Diabetic ketoacidosis

Diabetic ketoacidosis (DKA) is an acute, life‑threatening metabolic complication predominantly associated with diabetes mellitus, most commonly type 1 diabetes, though it can also occur in individuals with type 2 diabetes under conditions of severe insulin deficiency or increased insulin resistance. The condition is characterized by hyperglycemia, metabolic acidosis due to accumulation of ketone bodies, and dehydration.

Pathophysiology
DKA results from an absolute or relative deficiency of insulin coupled with an excess of counter‑regulatory hormones such as glucagon, catecholamines, cortisol, and growth hormone. The insulin deficit impairs glucose utilization by peripheral tissues, leading to pronounced hyperglycemia. Simultaneously, unchecked lipolysis releases free fatty acids that are transported to the liver, where they undergo β‑oxidation and are converted to ketone bodies (acetoacetate, β‑hydroxybutyrate, and acetone). Accumulation of these acids lowers plasma bicarbonate concentration, resulting in a high anion‑gap metabolic acidosis. Osmotic diuresis due to glucosuria contributes to significant fluid and electrolyte losses.

Clinical Presentation
Typical signs and symptoms include:

  • Polyuria and polydipsia
  • Nausea, vomiting, and abdominal pain
  • Dehydration (dry mucous membranes, tachycardia, hypotension)
  • Altered mental status ranging from lethargy to coma
  • Fruity‑smelling breath (acetone)
  • Kussmaul respirations (deep, rapid breathing) as a compensatory respiratory response to acidosis

Diagnostic Criteria
Diagnosis is based on laboratory findings that commonly meet the following thresholds:

Parameter Typical Threshold
Plasma glucose >250 mg/dL (13.9 mmol/L)
Arterial pH <7.3
Serum bicarbonate <18 mmol/L
Anion gap >10‑12 mmol/L
Serum ketones Positive (β‑hydroxybutyrate >3 mmol/L or urine ketones)

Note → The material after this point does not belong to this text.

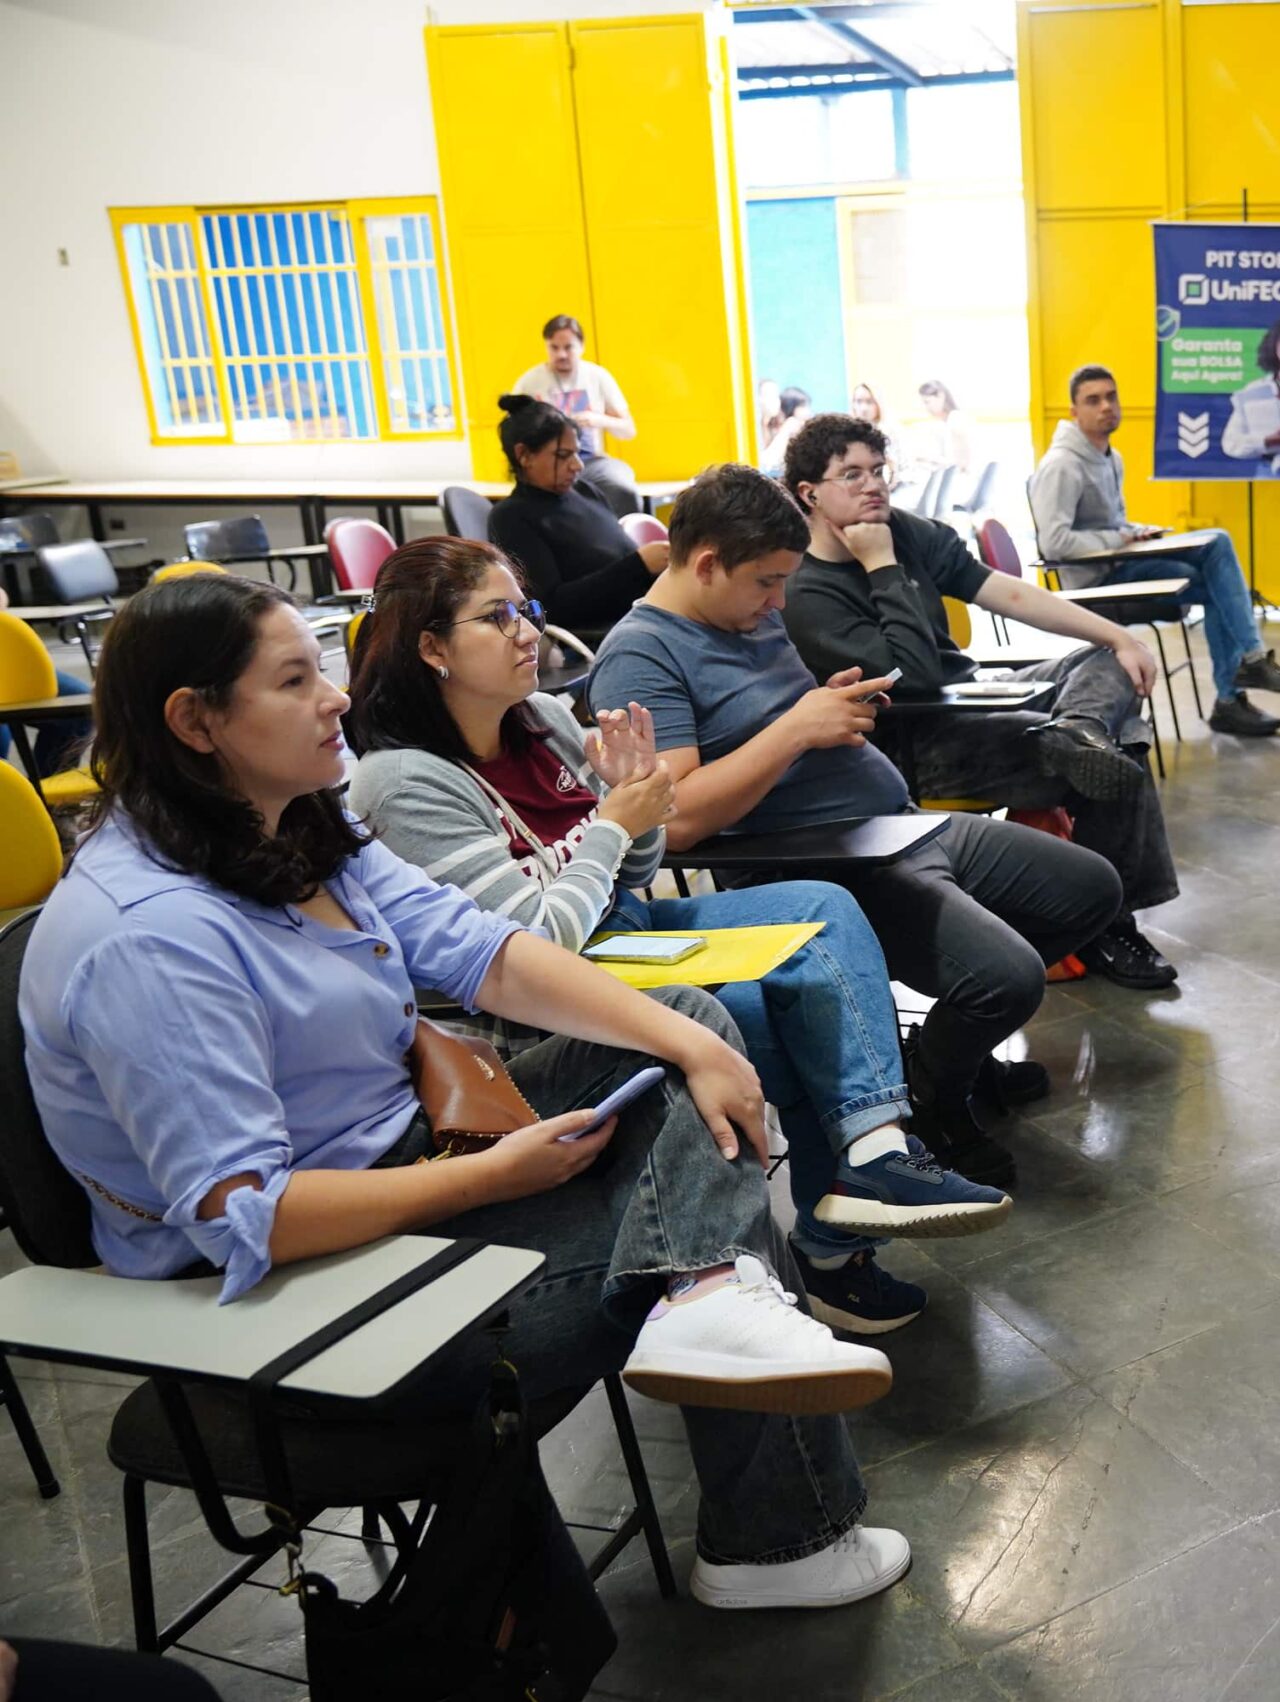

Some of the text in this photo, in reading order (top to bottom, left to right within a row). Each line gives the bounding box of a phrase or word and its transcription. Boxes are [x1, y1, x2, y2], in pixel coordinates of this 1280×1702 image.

[1205, 250, 1236, 268] PIT
[1172, 338, 1243, 352] Garanta
[1200, 356, 1243, 367] BOLSA

Additional investigations may assess serum electrolytes (particularly potassium), renal function, and potential precipitating factors such as infection, myocardial infarction, or medication non‑adherence.

Management
Prompt treatment in an acute care setting is essential and follows three principal goals:

  1. Fluid Resuscitation – Isotonic saline (0.9% NaCl) is administered to restore intravascular volume, typically beginning with 15‑20 mL/kg over the first hour, followed by adjustments based on hemodynamic response and serum sodium.
  2. Insulin Therapy – Continuous intravenous regular insulin infusion (0.1 U/kg/h) is initiated after an initial bolus may be given. Insulin lowers plasma glucose, suppresses ketogenesis, and facilitates intracellular potassium uptake.
  3. Electrolyte Replacement – Potassium replacement is critical, as insulin-driven intracellular shift can precipitate hypokalemia. Guidelines recommend initiating potassium supplementation when serum potassium is ≤5.0 mmol/L and withholding insulin if potassium is <3.3 mmol/L until corrected.

Adjunctive measures include correction of acidosis (generally achieved through insulin and volume resuscitation without routine bicarbonate administration unless pH < 6.9), monitoring for cerebral edema (particularly in pediatric patients), and treatment of underlying precipitating causes.

Epidemiology
DKA accounts for approximately 4‑8% of all diabetes‑related hospital admissions in the United States and is a leading cause of mortality among individuals with type 1 diabetes, especially in younger patients. Incidence varies globally, with higher rates observed in regions where diabetes care access is limited.

Prognosis
With timely, guideline‑directed therapy, mortality rates have declined to less than 5% in developed settings. Delayed treatment, severe dehydration, profound electrolyte disturbances, or concomitant infection increase the risk of complications such as cerebral edema, acute respiratory distress syndrome, and renal failure.

Prevention
Preventive strategies focus on patient education concerning sick‑day management, adherence to insulin regimens, and early recognition of hyperglycemia. Routine monitoring of blood glucose and ketone levels during illness, stress, or insulin omission can avert progression to DKA.

References

  • American Diabetes Association. “Diabetes Care in the Hospital: A Consensus Report.” Diabetes Care, 2023.
  • Kitabchi AE, et al. “Hyperglycemic Crises in Adult Patients with Diabetes.” Diabetes Care, 2022.
  • International Society for Pediatric and Adolescent Diabetes (ISPAD). “Guidelines for the Management of Diabetic Ketoacidosis.” 2021.